They won the Istanbul League three consecutive times (in 1925, 1926, 1927). The 1928 championship was aborted due to the Olympic Games in Amsterdam. Hunter quit as manager in 1928 and Galatasaray legend Nihat Bekdik became player-manager and led the club to the 1929 title, as well as finishing second in 1930.
Because of the Olympic Games, the club missed the chance to win the league in five consecutive years.
The star player of the 1920s was Nihat Bekdik. He played for Galatasaray for twenty years, and was captain for twelve years (1924–1936).

In 1931, the club won the Istanbul Football League for the eleventh time; it was the club's sixth title in ten years/nine seasons.

===Bad years (1932–1948)===
After a dispute about amateurism-professionalism between Galatasaray members in 1933, the group which favored a more professional club left Galatasaray and founded the Güneş.
Thanks to financial and political power, the new club was able to sign the best players of Galatasaray, and the fall of Galatasaray began.
Between 1932 and 1949, the club could not win the Istanbul League. In 1933, Galatasray won the Istanbul Shield and, in 1939, the Milli Küme. It was not just the football team that was in a crisis, however; the whole club was in a chaotic situation.
Between 1930-1941, there had been fifteen presidents and ten managers.

Star player Nihat Bekdik quit in 1936, though a new star joined in 1934, Gündüz Kılıç. Thanks to both players, the club were runners up of the Istanbul Football League in 1934-1935 and 1935-1936.
With Kiliç, the club won the Istanbul Cup in 1942 and 1943 and were runners up of the Istanbul Football League in 1941–1942.

===Back again (1949–1958)===
In 1948, the club signed Pat Molloy and, after eighteen years, Galatasaray won the Istanbul Football League in the 1948-1949 season.
In 1952, the Istanbul Football League became a professional league (Istanbul Professional League).
In the same year, Galatasaray legend Gündüz Kılıç quit at the age of just 33 and became the club manager for the 1952-1953 season. He returned in 1954 and stayed till 1957.
During his second coaching period, between 1954 and 1957, the club won the Istanbul Football League in 1954-1955 and 1955-1956.

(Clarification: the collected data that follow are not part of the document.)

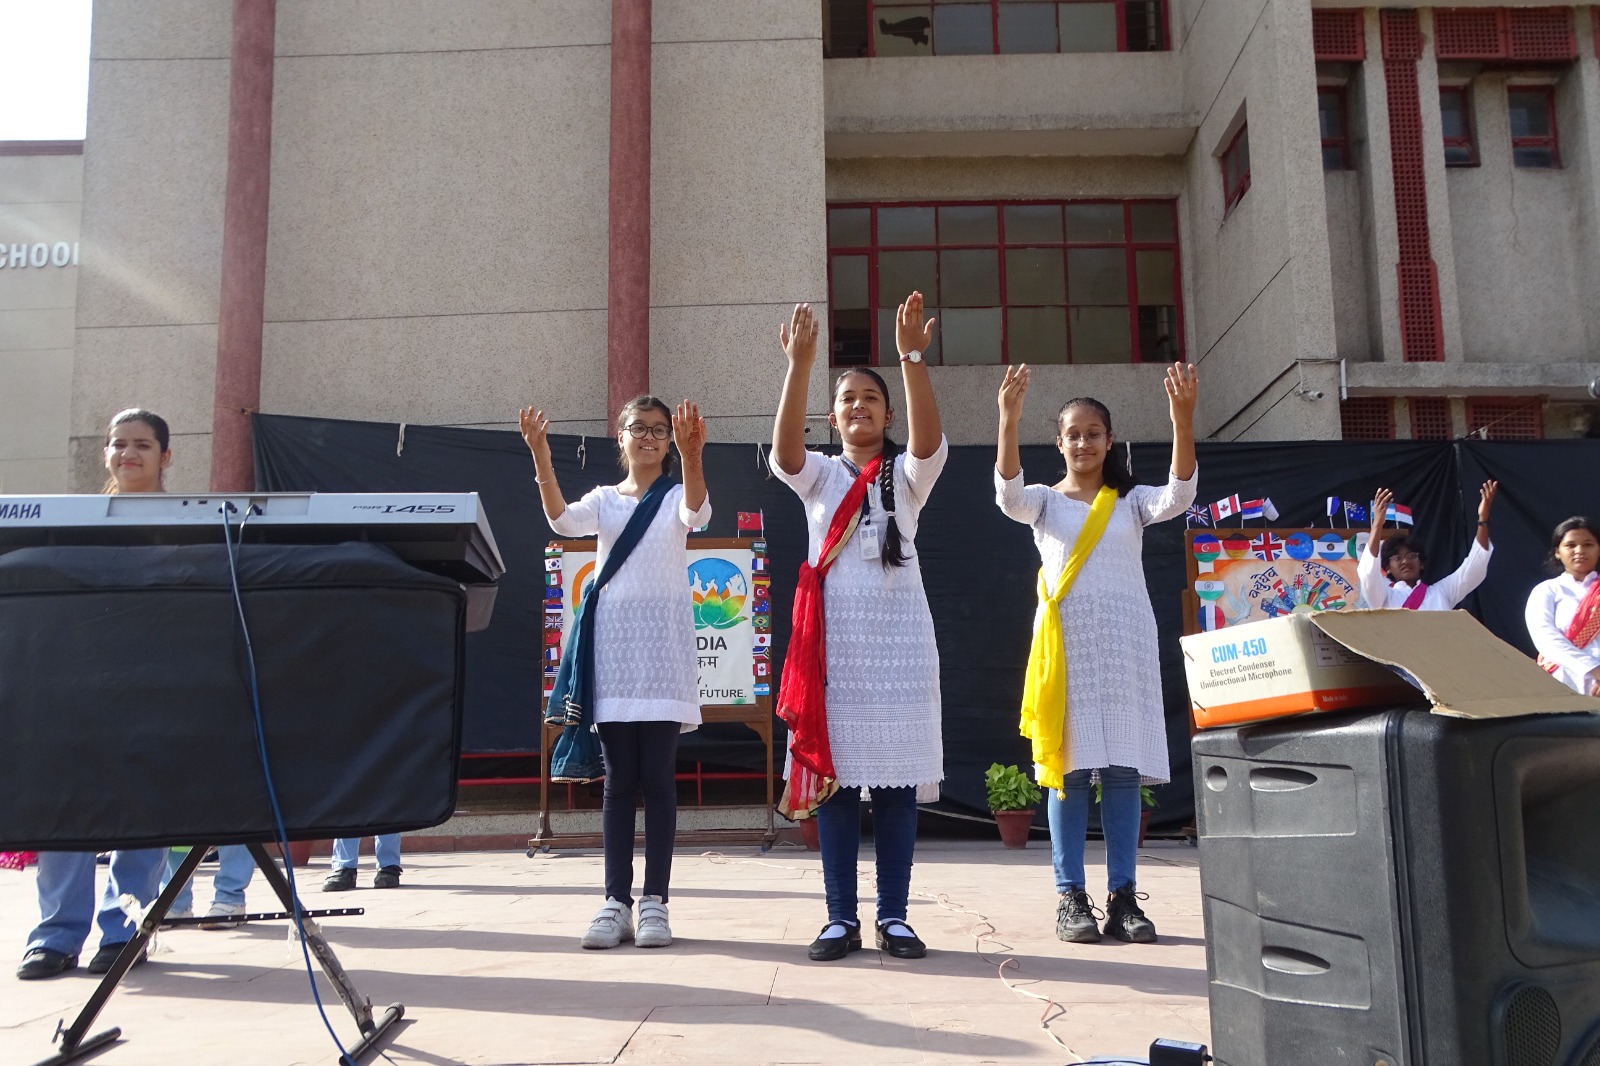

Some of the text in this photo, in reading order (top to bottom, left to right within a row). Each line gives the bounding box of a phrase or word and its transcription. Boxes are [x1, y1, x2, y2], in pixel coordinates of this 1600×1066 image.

[696, 636, 728, 651] DIA
[1211, 637, 1267, 663] CUM-450
[1209, 660, 1276, 678] Electret Condenser
[1199, 668, 1293, 690] Unidirectional Microphone
[699, 689, 747, 698] FUTURE.
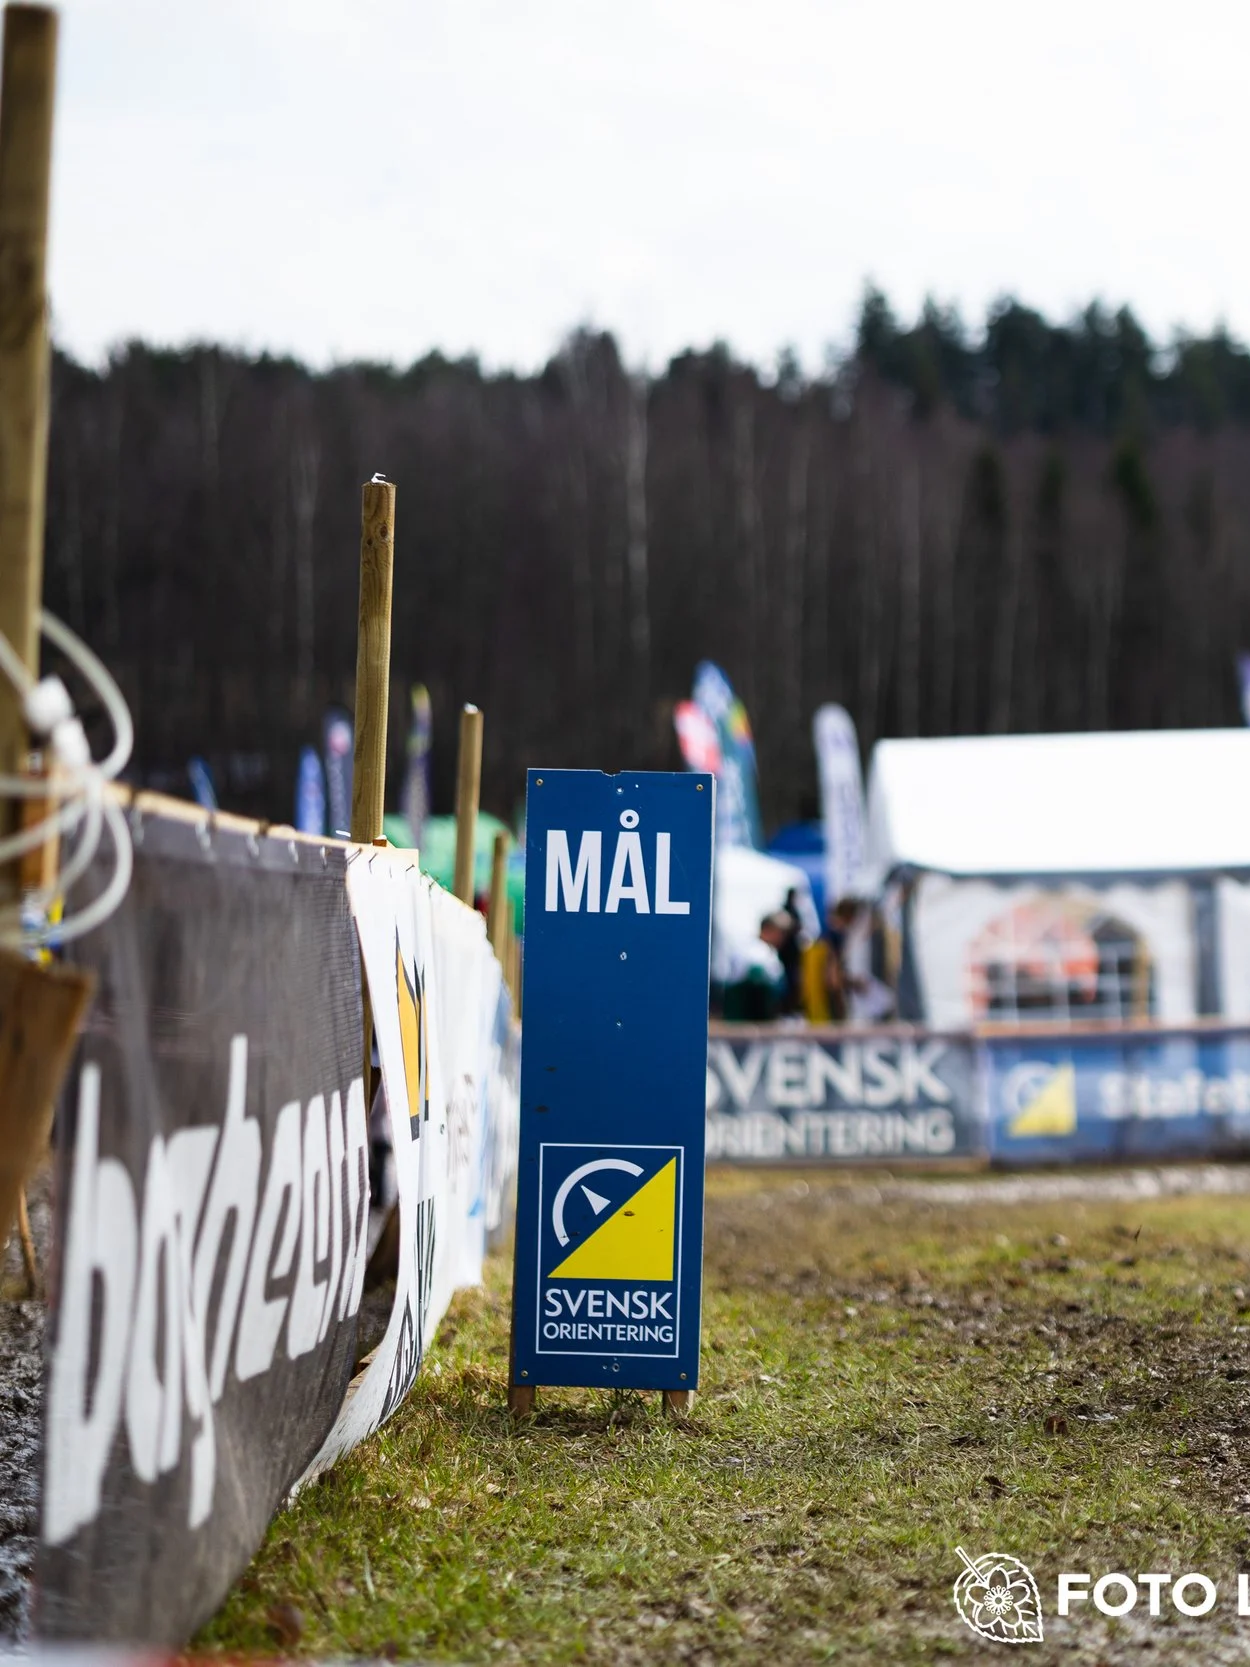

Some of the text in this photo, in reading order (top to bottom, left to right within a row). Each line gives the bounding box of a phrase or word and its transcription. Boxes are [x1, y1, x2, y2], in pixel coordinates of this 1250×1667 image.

The European Champion Clubs' Cup started in 1955–1956, but the first nationwide Turkish League started in 1959. Due to the Istanbul Football League being the strongest league in Turkey, Galatasaray participated at the 1956-1957 European Champion Clubs' Cup season.
Galatasaray lost to Dinamo București 3–1 in Bucharest, but managed to win in Istanbul 2–1. Although the club was eliminated from the competition, it was a historical participation. Galatasaray became the first Turkish club to play in a UEFA competition, the first Turkish club to score in a UEFA competition and the first Turkish club to win a match in a UEFA competition.
In 1957, after Kiliç quit, George Dick became manager of Galatasaray and the club won their fifteenth and last Istanbul Football League title in 1958.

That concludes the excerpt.